I don't get it in a big way.

What do all these random processes have to do with the Integer figure, which is y=a+bx forever and ever.

And to apply the knowledge in random processes we should subtract the straight line from the digital representation of the figure and look at the result. If it's pure zero, that's one thing, if it's not zero, that's another. But one should always do smoothing (sometimes called detrending). There is no point in discussing the randomness of the data if there is a deterministic component to it, and if judging the figure by eye, then if there is a random component, it can be neglected. And forum people are trying to calculate something about randomness.
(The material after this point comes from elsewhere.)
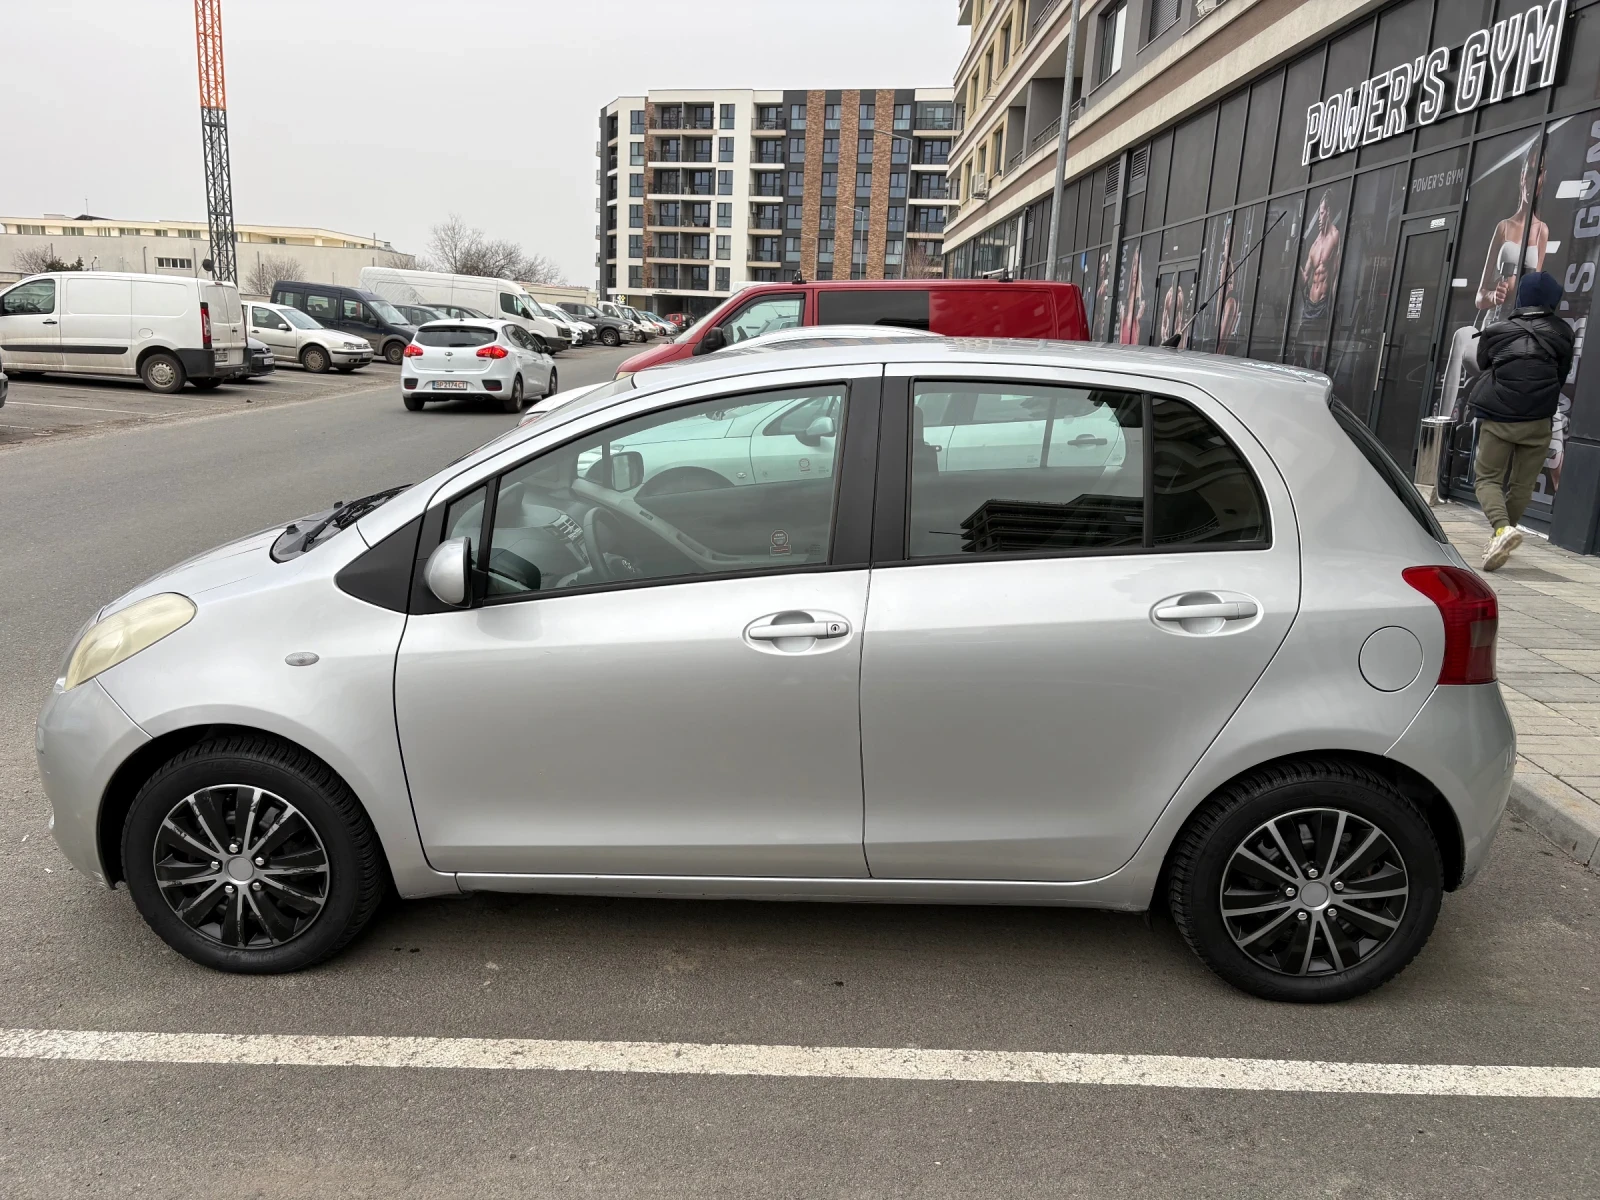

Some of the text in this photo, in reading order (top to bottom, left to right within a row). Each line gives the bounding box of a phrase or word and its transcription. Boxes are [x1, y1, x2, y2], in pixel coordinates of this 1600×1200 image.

It is necessary to perform smoothing and investigate the residual.

 
EconModel:

I don't understand it in a big way.

There is no point in discussing the randomness of data if it has a deterministic component,

)))))All random variables have a deterministic component, which is what distinguishes them from uncertain quantities. It is mat statistics and econometrics that separates the deterministic component from random variables.
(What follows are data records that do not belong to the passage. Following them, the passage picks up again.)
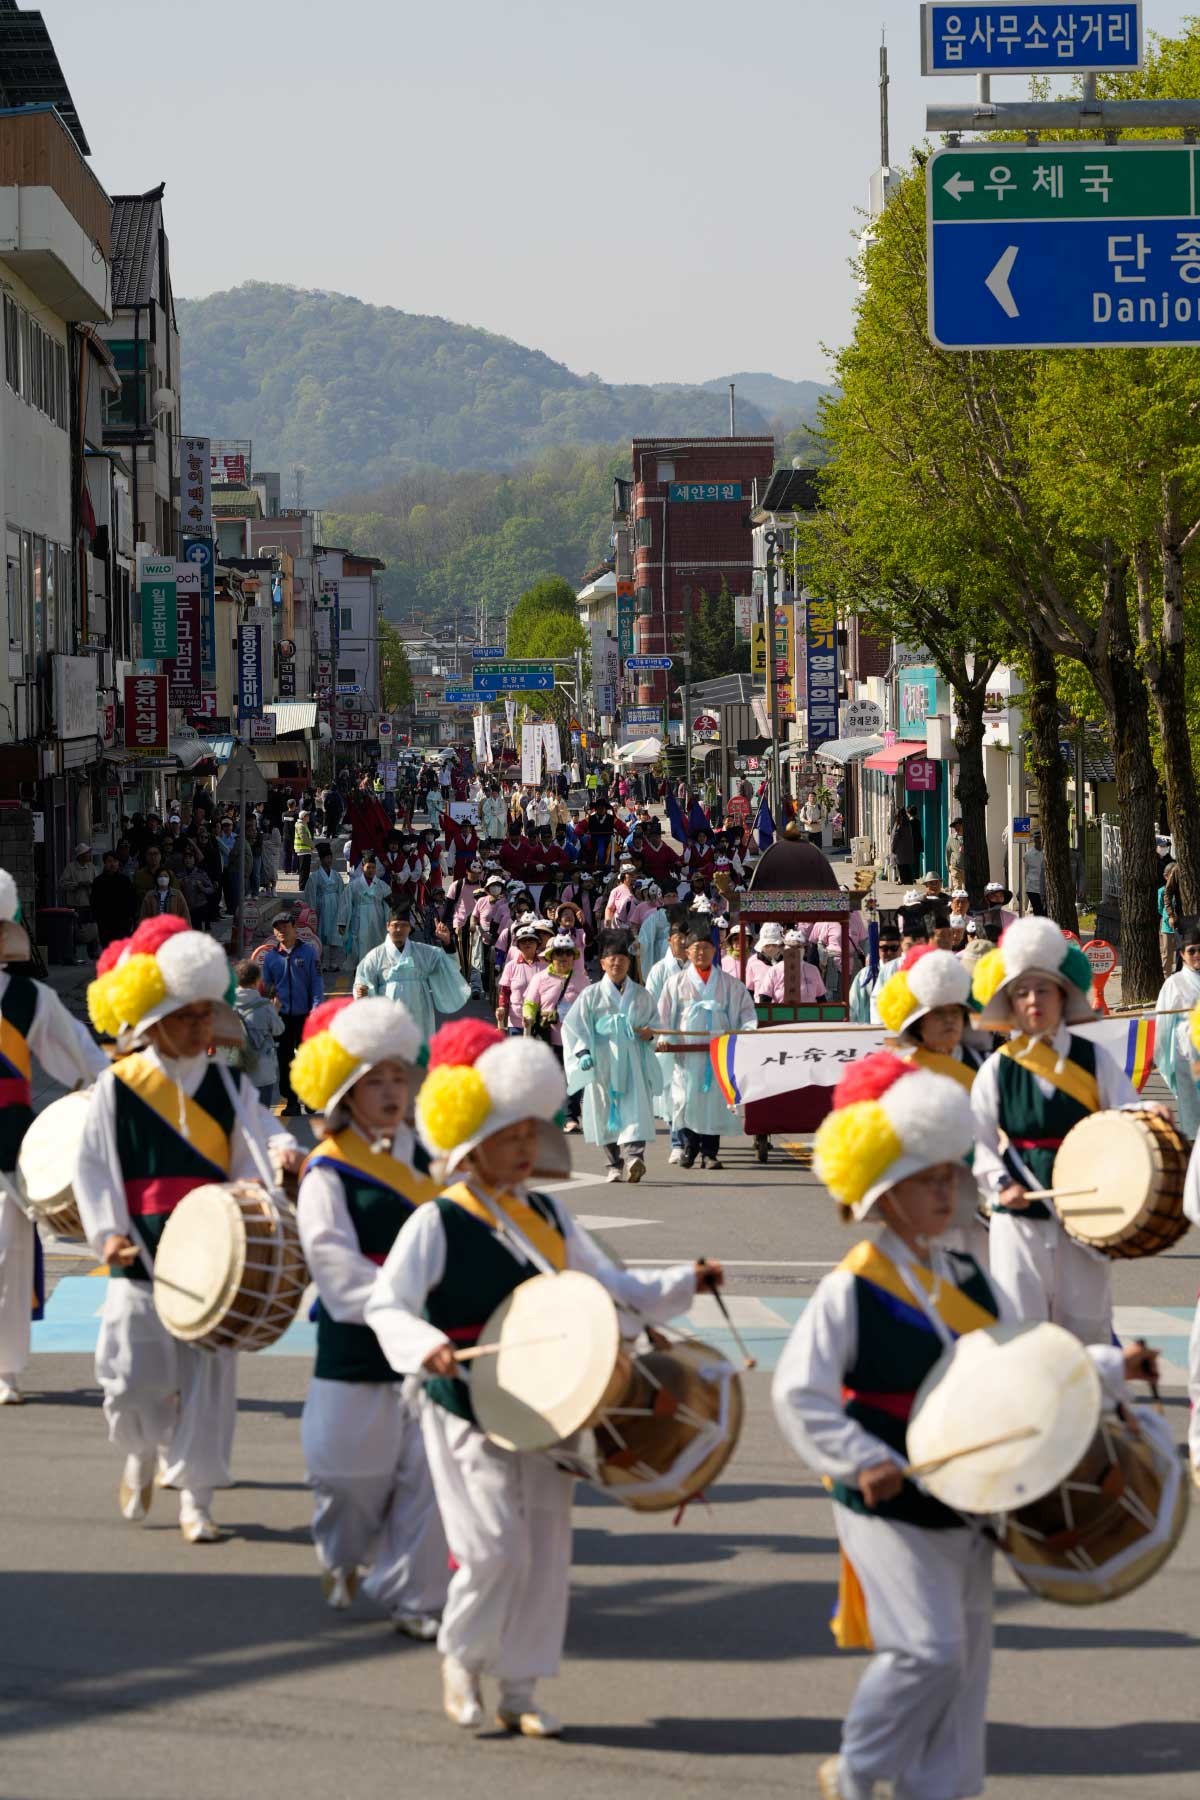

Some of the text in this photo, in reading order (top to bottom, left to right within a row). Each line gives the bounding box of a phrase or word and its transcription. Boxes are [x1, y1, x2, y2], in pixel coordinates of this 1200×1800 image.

[941, 13, 1130, 61] 읍사무소삼거리
[984, 165, 1113, 203] 우체국
[676, 484, 735, 500] 세안의원
[146, 565, 171, 573] WILO
[242, 626, 258, 708] 중앙오토바이
[810, 655, 836, 736] 영월의료기
[849, 716, 880, 726] 장례문화
[909, 762, 933, 789] 약
[761, 1047, 857, 1066] 사육신
Generally speaking - it is possible and necessary to calculate QC using the initial data (prices) of the Forex market. QC can and should be calculated on non-stationary series. QC for stationary and ergodic series is not needed at all - everything is clear and understandable for them.

 

НЕ совсем знают как применить рецикл в практической тоговле на валютном рынке , рецикл нужен для нахождения в частности наиболее устойчивых (менее подверженных изменениям) динамических систем ,которые являються не чем иным как валютными портфелями

So for today and for the next 2-3 months such a portfolio is a simultaneous purchase of NZ, Pound, Aussie against the Yen, Euro, USD

 
Demi:

)))))All random variables contain a deterministic component, which is what distinguishes them from uncertain quantities.

So what deterministic component do you think is contained in white Gaussian noise?

In a big way - QC can and should be calculated on the raw data (prices) of the forex market.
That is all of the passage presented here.